Sunday, 28 December 2008

Flown Apollo artifacts.

Regarded by many as the ultimate spaceflight collectible, flown artifacts from the golden age of manned spaceflight can be considered pieces of history.

It is evident that Lunar Module Pilots shared a bond as illustrated by these two items. This US flag, flown originally by Walt Cunningham on his own Apollo 7 mission was subsequently flown to lunar orbit by his Apollo 15 counterpart James Irwin.

In December 1968 this Apollo 8 embroidered patch was flown to the moon on man's first journey to another celestial body. Carried by Lunar Module Pilot William Anders and subsequently gifted to Walt Cunningham I recently had the opportunity to reacquaint Apollo 8 Command Module Pilot and all round legend Jim Lovell with a patch that had accompanied him to the moon and back.

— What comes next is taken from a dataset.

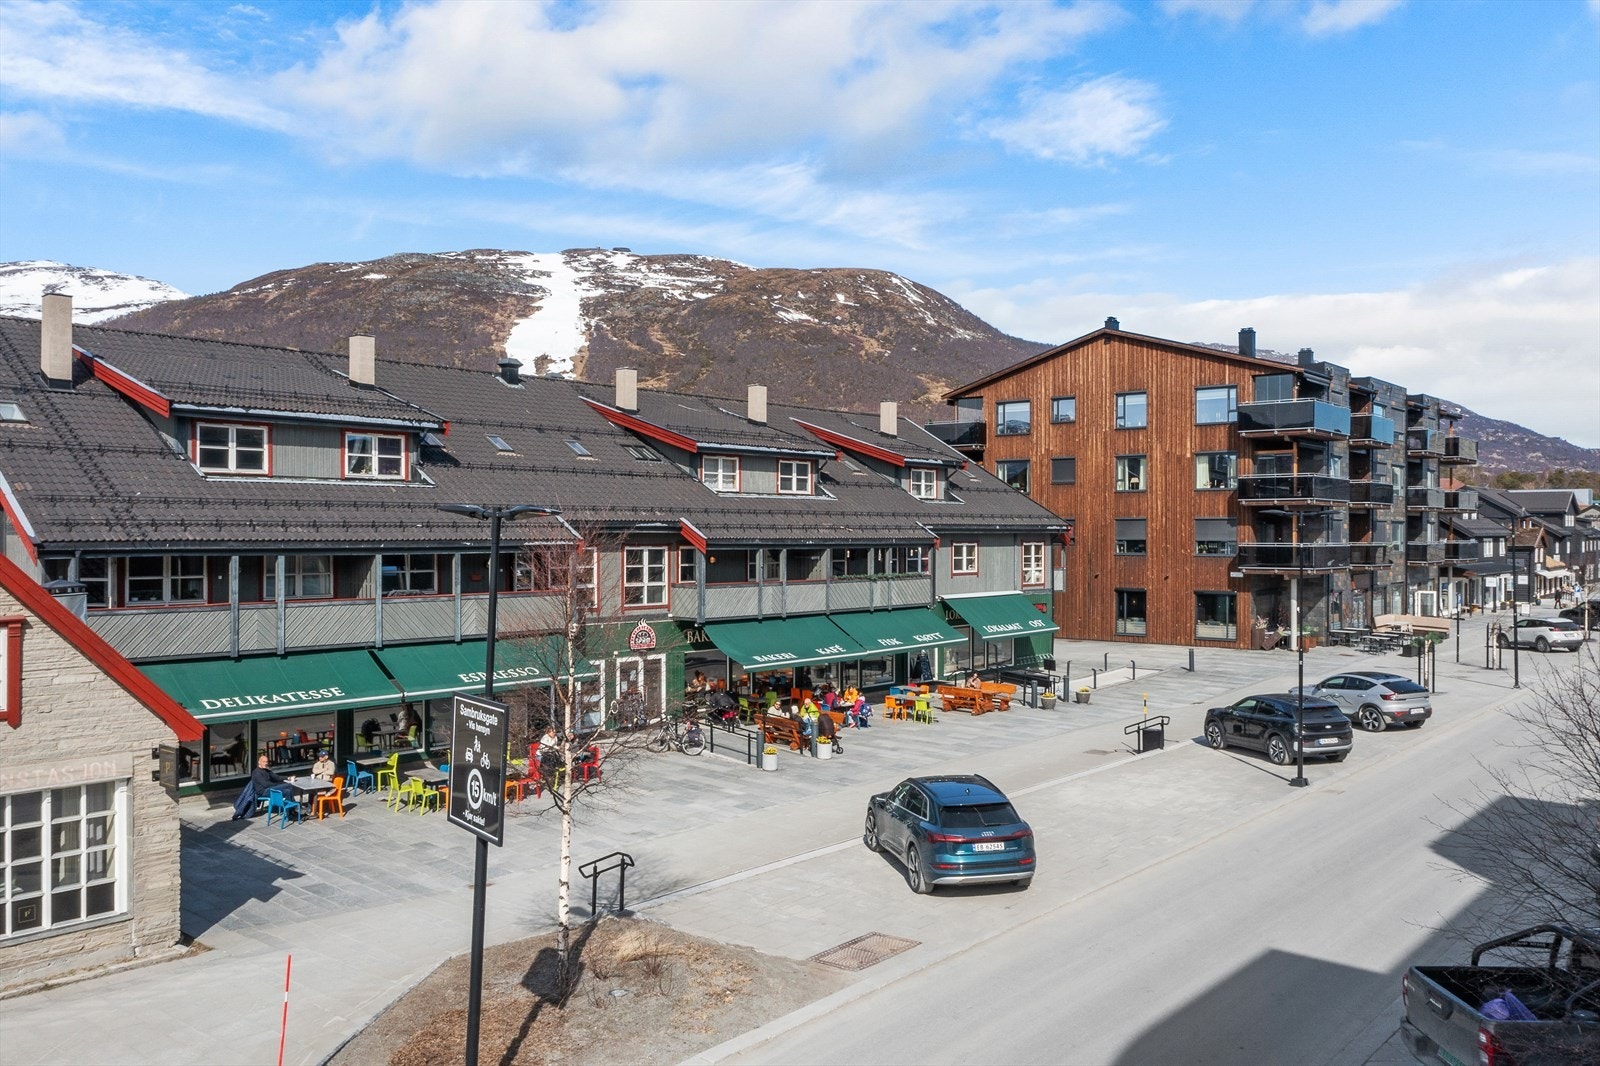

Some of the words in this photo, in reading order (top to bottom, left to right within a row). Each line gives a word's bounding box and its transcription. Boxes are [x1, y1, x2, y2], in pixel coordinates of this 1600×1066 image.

It proved ironic, that having raced the Soviets the moon, mankind discovered the Earth with arguably the most famous photograph of all time.

I have been fortunate to meet eight of the men to have walked on the moon. Jim Lovell sadly did not get the chance following his aborted Apollo 13 mission but meeting him in October 2015 was a privilege.   

Jim McDivitt is a particularly likeable chap and the Apollo 9 flown tie clip I thought a neat artifact from the first manned flight of the Apollo Command, Service and Lunar Modules. An essential step that ultimately led to the first lunar landing.

Of all the Robbins medallion designs Apollo X I think is the most striking and my favourite. It captures particularly well the objectives of the mission. This example was obtained directly from Skylab astronaut Ed Gibson.